═══ The records ═══

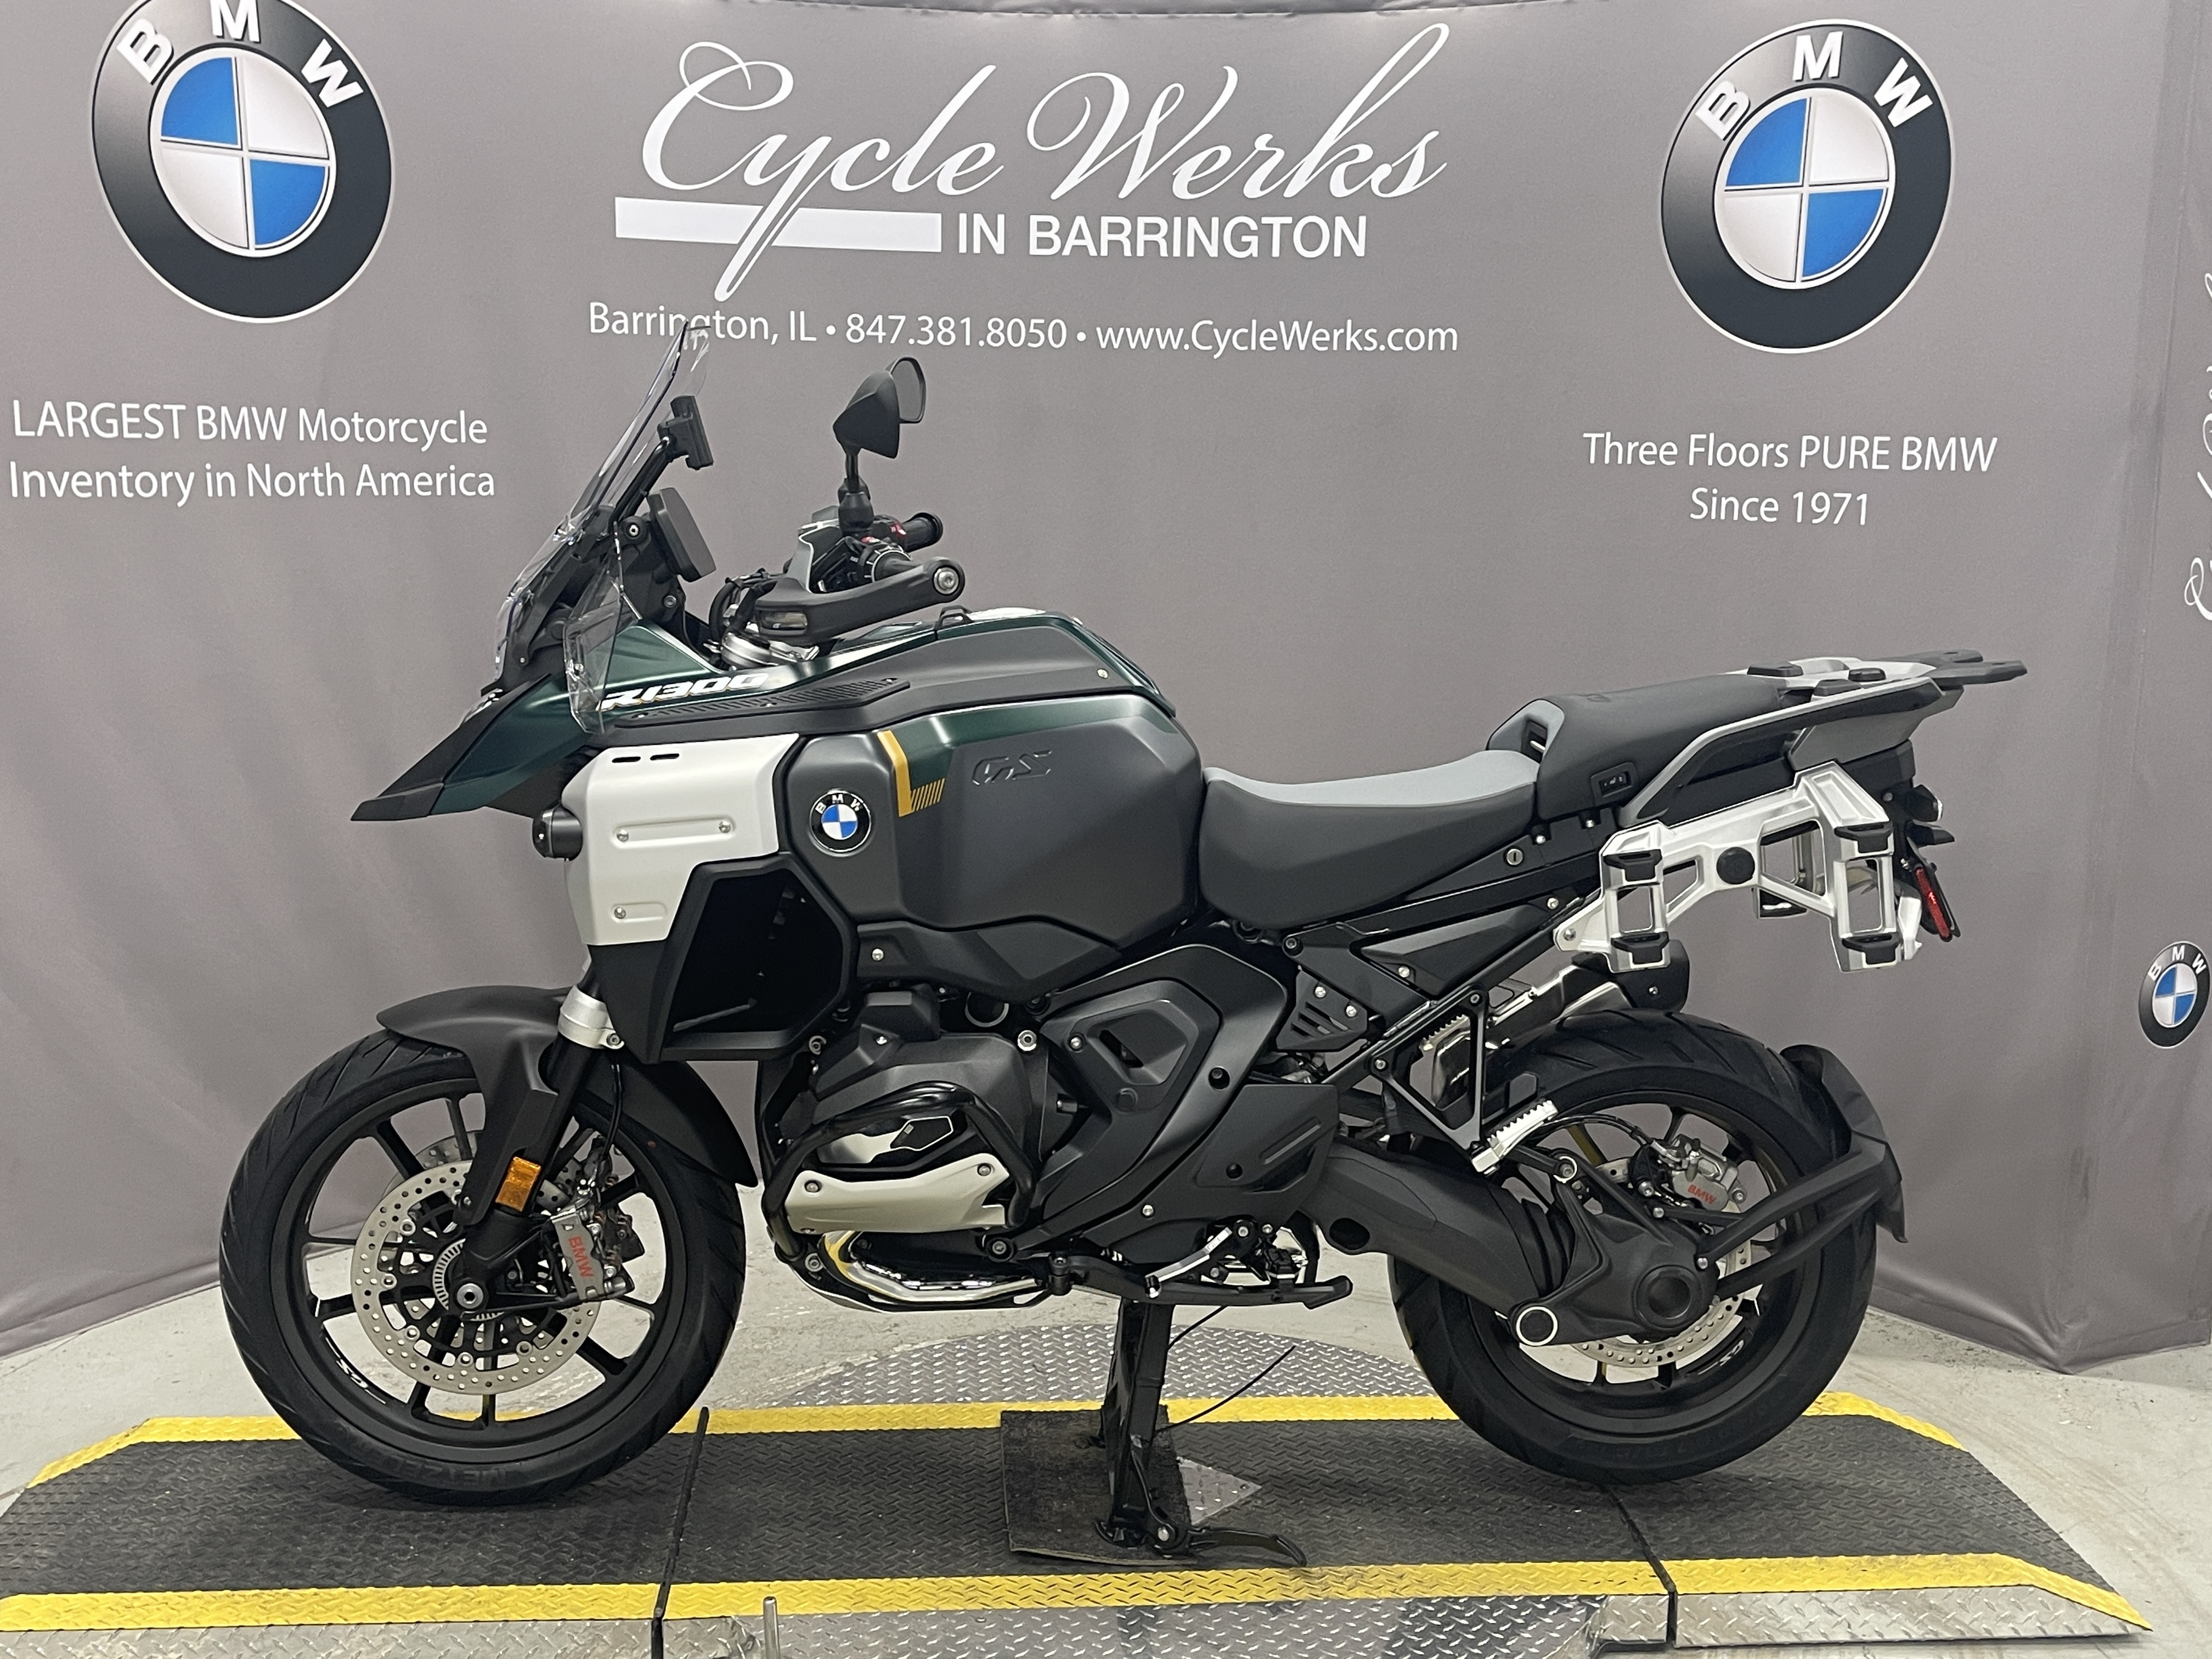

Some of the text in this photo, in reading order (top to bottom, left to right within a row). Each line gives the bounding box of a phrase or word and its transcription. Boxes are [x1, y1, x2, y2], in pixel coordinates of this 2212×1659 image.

[117, 0, 364, 108] BMW
[1695, 31, 1933, 141] BMW
[642, 22, 1450, 302] Cycle Werks
[958, 213, 1367, 258] IN BARRINGTON
[790, 311, 817, 341] IL
[845, 313, 1067, 348] 847.381.8050
[1096, 319, 1458, 359] www.CycleWerks.com
[13, 399, 488, 452] LARGEST BMW Motorcycle
[1583, 431, 1998, 472] Three Floors PURE BMW
[10, 461, 494, 507] Inventory in North America
[1690, 487, 1867, 526] Since 1971
[595, 673, 769, 712] R1300
[972, 749, 1053, 786] GS
[815, 793, 864, 814] BMW
[2147, 944, 2207, 981] BMW
[1687, 1184, 1717, 1205] BMW
[568, 1235, 594, 1277] BMW

═══

● **Task item**:
Every line above must be printed again exactly, pictures excluded.

● **Exercise output**:
Some of the text in this photo, in reading order (top to bottom, left to right within a row). Each line gives the bounding box of a phrase or word and its transcription. Boxes are [x1, y1, x2, y2], in pixel coordinates of this 2212×1659 image.

[117, 0, 364, 108] BMW
[1695, 31, 1933, 141] BMW
[642, 22, 1450, 302] Cycle Werks
[958, 213, 1367, 258] IN BARRINGTON
[790, 311, 817, 341] IL
[845, 313, 1067, 348] 847.381.8050
[1096, 319, 1458, 359] www.CycleWerks.com
[13, 399, 488, 452] LARGEST BMW Motorcycle
[1583, 431, 1998, 472] Three Floors PURE BMW
[10, 461, 494, 507] Inventory in North America
[1690, 487, 1867, 526] Since 1971
[595, 673, 769, 712] R1300
[972, 749, 1053, 786] GS
[815, 793, 864, 814] BMW
[2147, 944, 2207, 981] BMW
[1687, 1184, 1717, 1205] BMW
[568, 1235, 594, 1277] BMW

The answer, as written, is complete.